How to formulate a Face Wash – with Recipe

Now that we have studied the theory of Surfactants (here and here) and we have the values of some of them it is time to finally formulate! 😀

The recipe of today is for a very delicate Face Wash which helped me when I used to suffer of a mild but annoying and constant (meaning that my skin wasn’t covered in pimples completely but I did have a few all the time and this lasted over two years) form of acne. I should make a post about this! I used to be quite aggressive with my skin: I was scrubbing, using alcoholic toners, applying aggressive creams… but nothing was helping (on the contrary…).
Then one day I decided to give a break to my skin, I stopped scrubbing crazily, I stopped attacking my skin and I started concentrating on eating more healthy food and… TADAAA it did the trick 😀 I simply found out that all my skin needed was to be treated gently.

DIY Face Wash - Recipe

This is how the formulation was done:

I wanted a very gentle face wash, so I opted for a 6.5% ASM (if you don’t know what I am talking about, just go here)
I also wanted the surfactants to be gentle so I chose the surfactants accordingly:
– Sodium Lauroyl Sarcosinate (anionic – ASM 29%) (this would be the “first surfactant”, the one in higher amount in the recipe)
– Cocamidopropyl Betaine (amphoteric – ASM 32%) (I picked it because, when combined with other surfactants, specially with an anionic one, it makes it more gentle)
– Lauryl Glucoside (non-ionic – ASM 52%) (I decided to add this one, even though in very low percentage, because I like to use all the three kinds of surfactants in my detergent. I feel the result is more balanced and complete).
– Coco Glucoside and Glyceryl Oleate (non-ionic – ASM 55% but refatted by the glyceryl oleate so the result is extremely mild)
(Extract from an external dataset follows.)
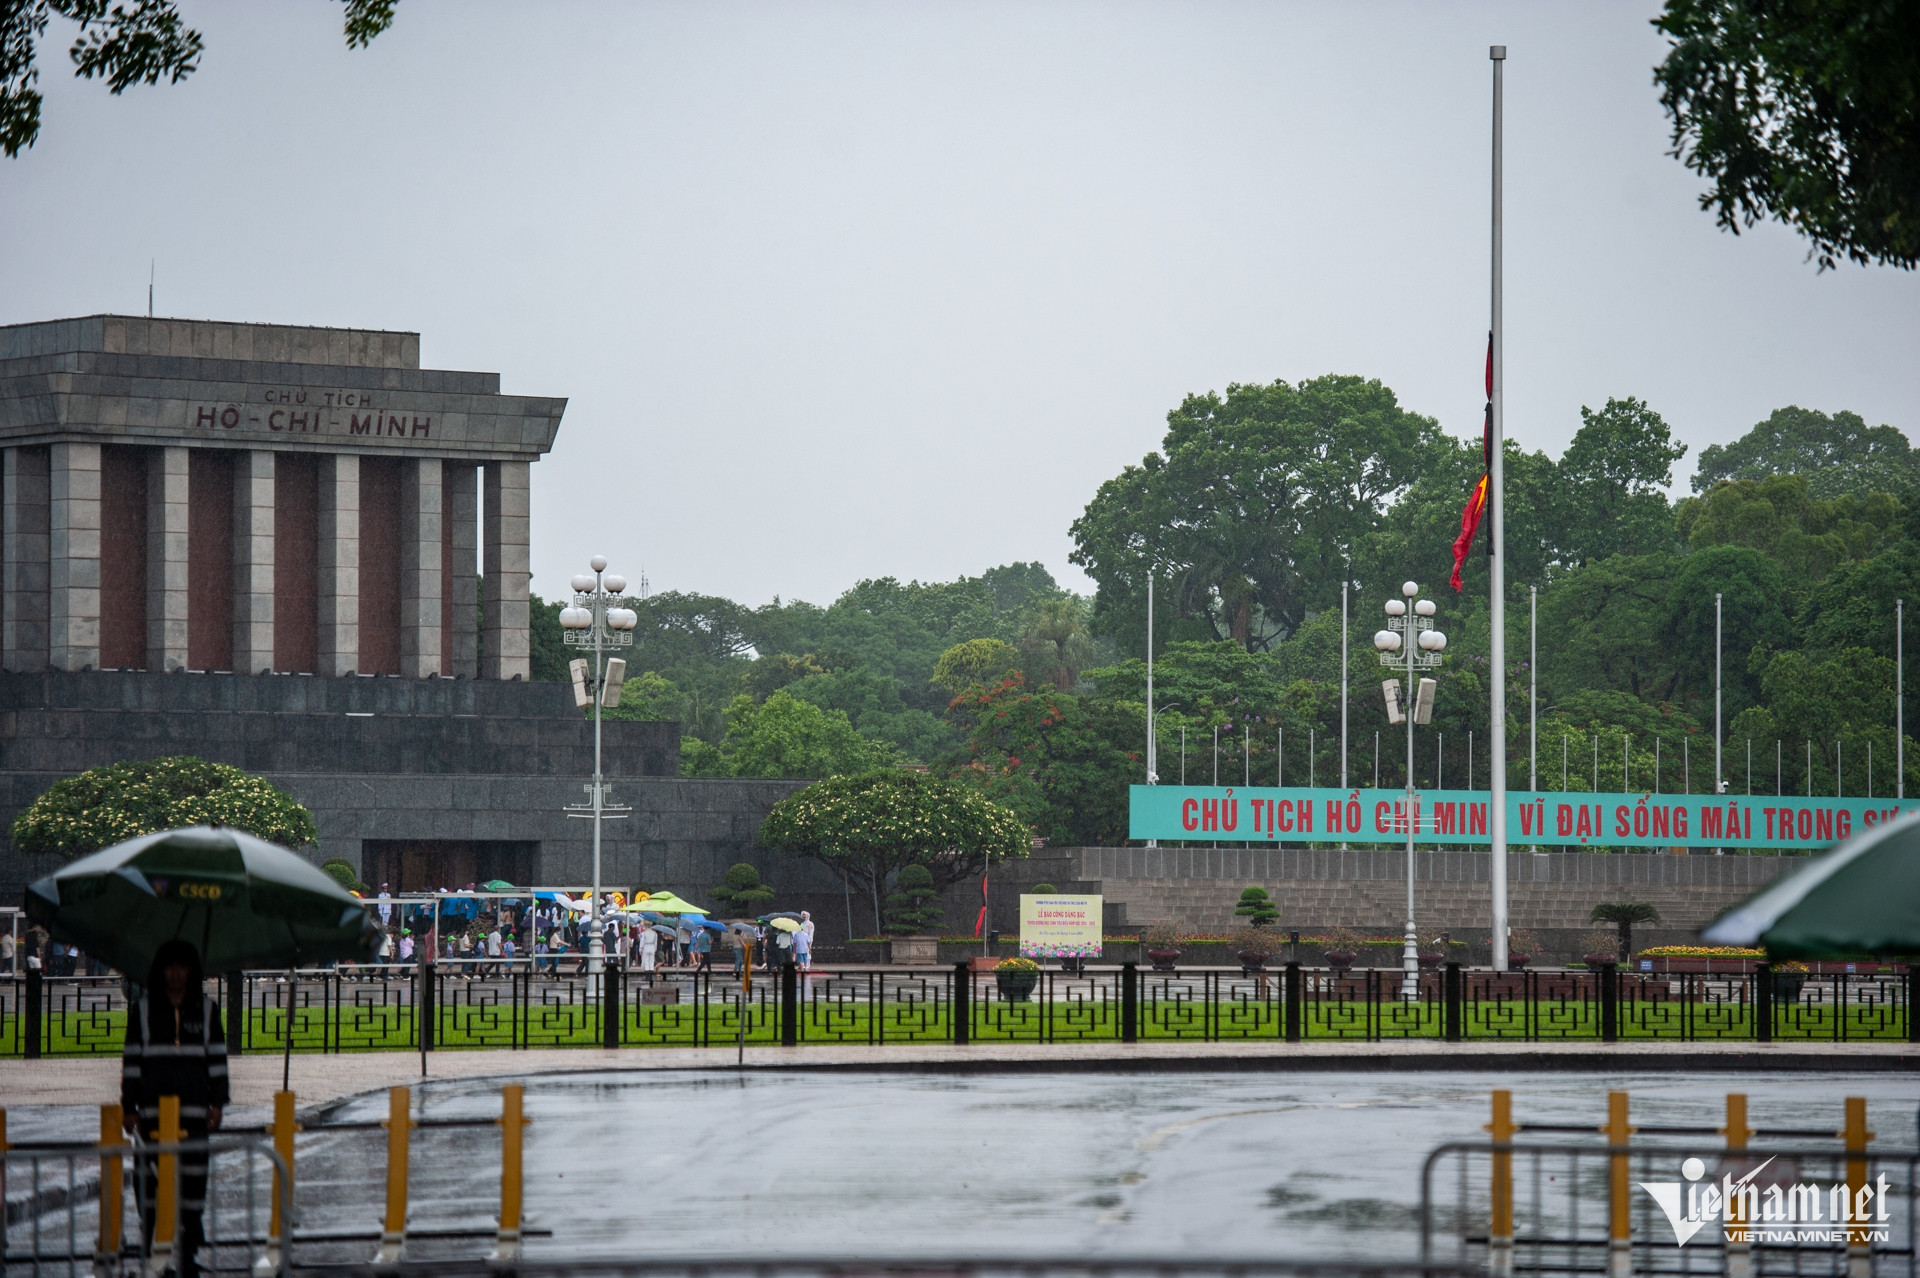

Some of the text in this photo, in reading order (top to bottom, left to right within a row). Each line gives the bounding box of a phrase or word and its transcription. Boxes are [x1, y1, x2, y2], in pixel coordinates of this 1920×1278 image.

I tried with these values:
Sarcosinate 10
Betaine 6
Lauryl Glucoside 3

The calculation to see what kind of ASM I would obtain with such values is here:
Sarcosinate : 10*0.29 = 2.9
Betaine 6*0.32 = 1.92
Lauryl Glucoside 3*0.52 = 1.56
Total : 6.38

6.38% is the total ASM of our face wash and, having planned to make it 6.5, I am satisfied so these are the surfactants I have chosen and their percentage in the recipe! 🙂

Now to the overall formulation of the detergent [If this is the first post you read, notice that my recipe is in grams and the value next to each ingredient is the ingredient value “percent”; “water to 100” means that the water added to this recipe is 100 minus the sum of all the amount of the other ingredients]

RECIPE: 

Phase A: 
Water to 100 (explanation HERE)
Glycerin 3 
Xanthan Gum 0.5 (I always like to add xanthan gum when using sarcosinate because the chances it becomes too liquid are very high. Of course if you don’t have xanthan gum or if you don’t mind washing your face with water-liquid detergent… you can feel free to omit this ingredient!) 🙂
Preservative (water-soluble!) 0.6 (this is the amount % I have to use of my water-soluble preservative: you add the amount needed with the kind of preservative you are using 🙂 some need to be added up to 1%, some at 0.4%… so add enough of what you use! 🙂 )

Phase B:
Sodium Lauroyl Sarcosinate 10 
Lauryl Glucoside 2 
2 drops Lavender EO 
2 drops Sage EO 

Phase C:
Betaine 6 

Check the pH and adjust to pH 5, using few drops of lactic acid or citric acid solution 🙂 (this is to make the Sarcosinate become dense 😉 )
If you want you can add one drop of water-soluble food coloring! Just to make it more fun 🙂

Procedure: 
In the becher of Phase A add glycerin and xanthan gum. When the xanthan gum looks hydrated add slowly all the water and the preservative. Set aside.
In the becher of Phase B add the first two surfactants and mix very well (Lauryl Glucoside is dense at room temperature so microwave it for few seconds until it becomes more liquid and then add it to the Sarcosinate). Add two drops of lavender essential oil and two drops of sage essential oil. Mix slowly in order to not create any bubbles.
Now it is time to add Phase A to Phase B, pouring and mixing slowly until everything looks smooth and even.
The Betaine is left in the end because if added too early it might cause the other surfactants to “melt down”, adding it in the end sometimes works in keeping the detergent more firm… doesn’t always work with me though 😀 but I don’t mind that much! 🙂 ).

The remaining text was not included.